Question

Excess \[{F_2}\left( g \right)\] reacts at \[150^\circ C\] and \[1atm\] pressure with \[B{r_2}\left( g \right)\] to give a compound\[Br{F_n}\] . If \[423mL\] of \[B{r_2}\left( g \right)\] at the same temperature and pressure produced \[4.2g\] of \[Br{F_n}\], what is \[n\]?

Answer 1

Hint:Two gases combine under high temperature and pressure to produce a new compound. The stoichiometry of the combination of two gases determines the formula of the generated compound.

Complete step by step answer:Here the two gases undergoing chemical reaction are fluorine gas and bromine gas. The mole of the individual gases is to be evaluated first. The moles of the gas can be determined with the help of the ideal gas equation.
The ideal gas equation is,
\[PV = mRT\] where,
\[P\] is the pressure of the gas,
\[V\] is the volume of the gas,
\[m\] is the moles of the gas,
\[R\] is the gas constant,
\[T\] is the temperature in Kelvin.
The given entities for bromine gas are as follows:
\[P = 1atm\] , \[V = 423mL = 423 \times {10^{ - 3}}L\] , \[R = 0.0821Latmmol{e^{ - 1}}{K^{ - 1}}\] ,\[T = 150^\circ C = 150 + 273 = 423K\] .
Inserting in the equation,
\[1 \times 423 \times {10^{ - 3}} = m \times 0.0821 \times 423\]
\[m = 0.0122\].
The probable equation of the reaction occurring between the gases is,
\[\dfrac{n}{2}{F_2} + B{r_2} \to 2Br{F_n}\]
The number of moles of \[B{r_2}\] =\[0.0122mole\]. According to the equation, \[1mole\] of \[B{r_2}\] ​generates \[2mole\] of \[Br{F_n}\] ​. So \[0.0122mole\] of \[B{r_2}\] ​generates \[2 \times 0.0122\] = \[0.0244mole\] of \[Br{F_n}\]
The molar mass of \[Br{F_n}\]​= atomic mass of \[Br\] atom + \[n\] x atomic mass of \[F\] atom.
=\[80 + n \times 19\]
=\[80 + 19n\]
The mole of a compound is the ratio of the weight taken and the molar mass.
Therefore,
\[\dfrac{{4.2}}{{80 + 19n}} = 0.0244\]
\[80 + 19 n = \dfrac{{4.2}}{{0.0244}}\]
\[80 + 19n = 172.13\]
\[19n = 92.13\]
\[n = 4.85 \approx 5\]
Thus the value of \[n\] is \[5\] , and the formula of the compound formed is \[Br{F_5}\] .

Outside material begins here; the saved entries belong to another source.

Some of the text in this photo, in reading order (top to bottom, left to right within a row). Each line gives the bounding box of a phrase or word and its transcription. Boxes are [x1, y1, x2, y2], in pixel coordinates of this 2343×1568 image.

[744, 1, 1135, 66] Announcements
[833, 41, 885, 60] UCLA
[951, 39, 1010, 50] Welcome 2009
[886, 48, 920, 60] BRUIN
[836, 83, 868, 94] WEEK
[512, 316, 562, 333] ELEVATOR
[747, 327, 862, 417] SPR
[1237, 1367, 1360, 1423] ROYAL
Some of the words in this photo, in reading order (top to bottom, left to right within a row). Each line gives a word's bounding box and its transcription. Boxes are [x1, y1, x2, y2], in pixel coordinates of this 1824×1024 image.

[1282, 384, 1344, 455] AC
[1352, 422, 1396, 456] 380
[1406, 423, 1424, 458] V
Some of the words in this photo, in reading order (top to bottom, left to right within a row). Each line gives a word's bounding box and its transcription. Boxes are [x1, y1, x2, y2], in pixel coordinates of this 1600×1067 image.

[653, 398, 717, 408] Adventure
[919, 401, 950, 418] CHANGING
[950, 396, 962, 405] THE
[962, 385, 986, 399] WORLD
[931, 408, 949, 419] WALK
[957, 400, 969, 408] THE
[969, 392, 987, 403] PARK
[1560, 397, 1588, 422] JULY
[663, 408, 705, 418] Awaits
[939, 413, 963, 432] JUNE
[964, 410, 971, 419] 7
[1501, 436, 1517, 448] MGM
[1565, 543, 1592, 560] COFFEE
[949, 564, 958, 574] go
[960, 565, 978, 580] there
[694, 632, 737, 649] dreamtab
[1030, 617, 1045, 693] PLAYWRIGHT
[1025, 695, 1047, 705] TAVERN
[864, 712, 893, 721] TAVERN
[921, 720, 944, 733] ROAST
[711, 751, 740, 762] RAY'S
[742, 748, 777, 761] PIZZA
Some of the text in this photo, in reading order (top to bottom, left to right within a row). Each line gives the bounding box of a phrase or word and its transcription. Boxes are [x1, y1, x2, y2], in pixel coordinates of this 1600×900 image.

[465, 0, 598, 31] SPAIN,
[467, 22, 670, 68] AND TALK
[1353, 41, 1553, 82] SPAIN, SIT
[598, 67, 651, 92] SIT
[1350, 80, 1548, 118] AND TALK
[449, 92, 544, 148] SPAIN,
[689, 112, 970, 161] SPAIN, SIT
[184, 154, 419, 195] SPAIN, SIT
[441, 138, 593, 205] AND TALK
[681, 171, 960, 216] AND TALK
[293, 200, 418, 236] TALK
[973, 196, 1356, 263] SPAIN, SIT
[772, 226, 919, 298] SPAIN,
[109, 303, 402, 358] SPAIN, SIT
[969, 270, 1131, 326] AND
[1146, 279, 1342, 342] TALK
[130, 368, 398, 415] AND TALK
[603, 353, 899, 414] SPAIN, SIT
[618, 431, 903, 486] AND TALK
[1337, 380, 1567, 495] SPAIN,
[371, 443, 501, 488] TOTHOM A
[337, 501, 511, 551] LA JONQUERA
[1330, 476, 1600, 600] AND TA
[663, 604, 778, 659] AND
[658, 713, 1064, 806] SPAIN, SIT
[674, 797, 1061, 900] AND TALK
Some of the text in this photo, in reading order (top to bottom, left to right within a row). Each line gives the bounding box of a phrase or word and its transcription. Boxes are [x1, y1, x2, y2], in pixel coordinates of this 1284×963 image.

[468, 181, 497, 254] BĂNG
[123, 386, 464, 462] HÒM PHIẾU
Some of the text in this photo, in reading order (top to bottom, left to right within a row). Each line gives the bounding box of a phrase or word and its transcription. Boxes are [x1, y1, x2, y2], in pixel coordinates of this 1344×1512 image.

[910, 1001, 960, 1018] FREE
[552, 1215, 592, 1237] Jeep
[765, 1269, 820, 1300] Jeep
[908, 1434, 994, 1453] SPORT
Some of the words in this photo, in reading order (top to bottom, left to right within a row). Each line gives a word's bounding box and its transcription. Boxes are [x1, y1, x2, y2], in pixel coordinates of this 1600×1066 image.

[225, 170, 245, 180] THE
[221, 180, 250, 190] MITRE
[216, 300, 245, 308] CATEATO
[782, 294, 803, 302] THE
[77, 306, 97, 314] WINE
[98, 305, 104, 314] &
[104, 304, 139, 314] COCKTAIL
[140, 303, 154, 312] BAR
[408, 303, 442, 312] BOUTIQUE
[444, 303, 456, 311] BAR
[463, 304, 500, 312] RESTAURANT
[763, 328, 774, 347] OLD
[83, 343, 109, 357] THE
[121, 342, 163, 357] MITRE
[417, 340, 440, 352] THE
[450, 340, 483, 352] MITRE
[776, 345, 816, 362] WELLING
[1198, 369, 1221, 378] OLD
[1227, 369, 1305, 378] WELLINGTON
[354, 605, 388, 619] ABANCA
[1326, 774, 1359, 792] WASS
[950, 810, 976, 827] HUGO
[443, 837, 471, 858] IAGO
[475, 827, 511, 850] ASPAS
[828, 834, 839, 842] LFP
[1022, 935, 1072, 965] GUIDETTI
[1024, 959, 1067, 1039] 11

Note:These types of compounds are known as interhalogen compounds. The availability of vacant inner \[d\] and \[f\] orbitals in halogen down the group allows them to form such types of hypervalent compounds. Common examples are \[Br{F_3}\] , \[Br{F_5}\] , \[I{F_5}\] , \[I{F_7}\] and so on.